Que t'ont inspirés les récents événements dans les banlieues ?Moi je me dis que ça n'a pas changé. Je me dis que c'est un peu cohérent, que c'est plausible. J'ai créé plein de titres qui racontent bien ce qui se passe en ce moment, comme "Génération sacrifiée" sur mon premier album "Le Code de l'honneur" ou comme "Message à la racaille" sur "La Fierté des nôtres". Ce sont de bonnes réponses.
Rohff On dit de toi que tu es devenu une des références rap en France, un véritable phénomène. Ca te donne envie de répondre quoi ?Ca me donne envie de continuer, de ne pas me reposer sur mes acquis, de continuer à squatter le studio, à chercher des nouveaux trucs et à écrire des textes. Le Monde tant qu'il tourne n'a pas fini de m'inspirer. Je ne m'inspire pas que de ma vie. Je m'inspire de mon vécu et du votre.

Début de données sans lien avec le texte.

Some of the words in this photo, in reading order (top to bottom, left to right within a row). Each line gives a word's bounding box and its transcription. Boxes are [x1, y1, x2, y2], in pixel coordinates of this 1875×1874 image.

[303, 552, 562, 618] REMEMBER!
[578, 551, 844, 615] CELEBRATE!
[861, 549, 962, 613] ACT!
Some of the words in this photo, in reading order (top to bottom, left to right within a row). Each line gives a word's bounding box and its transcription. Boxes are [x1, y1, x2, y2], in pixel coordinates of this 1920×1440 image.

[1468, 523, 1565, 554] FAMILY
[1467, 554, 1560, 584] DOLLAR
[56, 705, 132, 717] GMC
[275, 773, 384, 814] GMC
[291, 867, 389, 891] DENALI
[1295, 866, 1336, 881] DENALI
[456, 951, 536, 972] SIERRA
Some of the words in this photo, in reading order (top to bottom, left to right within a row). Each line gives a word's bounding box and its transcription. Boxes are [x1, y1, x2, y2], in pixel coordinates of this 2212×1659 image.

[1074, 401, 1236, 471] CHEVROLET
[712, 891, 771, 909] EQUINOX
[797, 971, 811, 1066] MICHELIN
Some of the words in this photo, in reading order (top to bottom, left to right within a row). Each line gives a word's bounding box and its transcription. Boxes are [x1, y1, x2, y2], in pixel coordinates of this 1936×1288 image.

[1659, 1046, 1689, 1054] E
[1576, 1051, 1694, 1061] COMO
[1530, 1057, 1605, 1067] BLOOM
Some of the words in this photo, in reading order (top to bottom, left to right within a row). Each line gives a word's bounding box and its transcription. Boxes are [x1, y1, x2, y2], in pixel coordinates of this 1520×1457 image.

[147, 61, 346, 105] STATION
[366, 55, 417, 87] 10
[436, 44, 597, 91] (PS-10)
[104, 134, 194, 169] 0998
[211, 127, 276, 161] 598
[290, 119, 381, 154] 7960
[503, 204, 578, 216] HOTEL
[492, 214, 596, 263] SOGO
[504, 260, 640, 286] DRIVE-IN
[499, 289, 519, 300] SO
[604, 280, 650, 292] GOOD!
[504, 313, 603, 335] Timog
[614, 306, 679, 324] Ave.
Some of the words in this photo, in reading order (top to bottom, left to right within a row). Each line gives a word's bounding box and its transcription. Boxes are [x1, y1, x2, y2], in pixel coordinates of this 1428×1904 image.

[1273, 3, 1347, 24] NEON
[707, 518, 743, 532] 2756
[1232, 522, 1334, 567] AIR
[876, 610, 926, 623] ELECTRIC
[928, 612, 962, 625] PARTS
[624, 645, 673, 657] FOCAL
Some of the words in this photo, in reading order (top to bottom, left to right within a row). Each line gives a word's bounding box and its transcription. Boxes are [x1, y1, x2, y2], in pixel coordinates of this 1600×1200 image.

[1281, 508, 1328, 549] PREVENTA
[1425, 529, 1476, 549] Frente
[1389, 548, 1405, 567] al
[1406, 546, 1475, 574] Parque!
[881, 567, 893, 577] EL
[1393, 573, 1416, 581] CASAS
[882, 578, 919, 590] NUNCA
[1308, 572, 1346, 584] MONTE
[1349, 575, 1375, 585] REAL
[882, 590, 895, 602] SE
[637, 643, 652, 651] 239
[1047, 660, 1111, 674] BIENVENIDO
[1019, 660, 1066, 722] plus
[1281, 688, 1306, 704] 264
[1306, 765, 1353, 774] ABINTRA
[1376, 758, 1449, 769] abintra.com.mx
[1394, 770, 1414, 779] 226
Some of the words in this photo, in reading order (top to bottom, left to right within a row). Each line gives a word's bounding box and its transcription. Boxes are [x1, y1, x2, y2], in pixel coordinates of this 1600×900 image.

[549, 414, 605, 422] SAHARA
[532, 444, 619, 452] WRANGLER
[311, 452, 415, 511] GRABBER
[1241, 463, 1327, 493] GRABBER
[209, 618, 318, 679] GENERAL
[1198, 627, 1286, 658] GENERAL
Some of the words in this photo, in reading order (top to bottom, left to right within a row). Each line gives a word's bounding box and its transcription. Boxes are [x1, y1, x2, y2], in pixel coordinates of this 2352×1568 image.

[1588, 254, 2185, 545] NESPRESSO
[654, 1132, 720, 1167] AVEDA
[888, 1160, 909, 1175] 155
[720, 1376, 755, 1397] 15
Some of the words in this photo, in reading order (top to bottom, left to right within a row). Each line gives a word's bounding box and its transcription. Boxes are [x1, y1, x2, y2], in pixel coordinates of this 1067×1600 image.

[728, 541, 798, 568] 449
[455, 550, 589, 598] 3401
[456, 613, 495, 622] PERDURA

Sur la couverture de ton dernier album, on te voyait assis sur l'Arc de Triomphe. Cette fois, on te voit assis sur la France. Tu voulais faire passer quoi comme message ?Ca correspond aussi au titre, d'aller au-delà de ses limites. Façon de dire que j'évolue dans mon art, que je m'impose des défis, que je représente toute la France et puis aussi pour faire parler !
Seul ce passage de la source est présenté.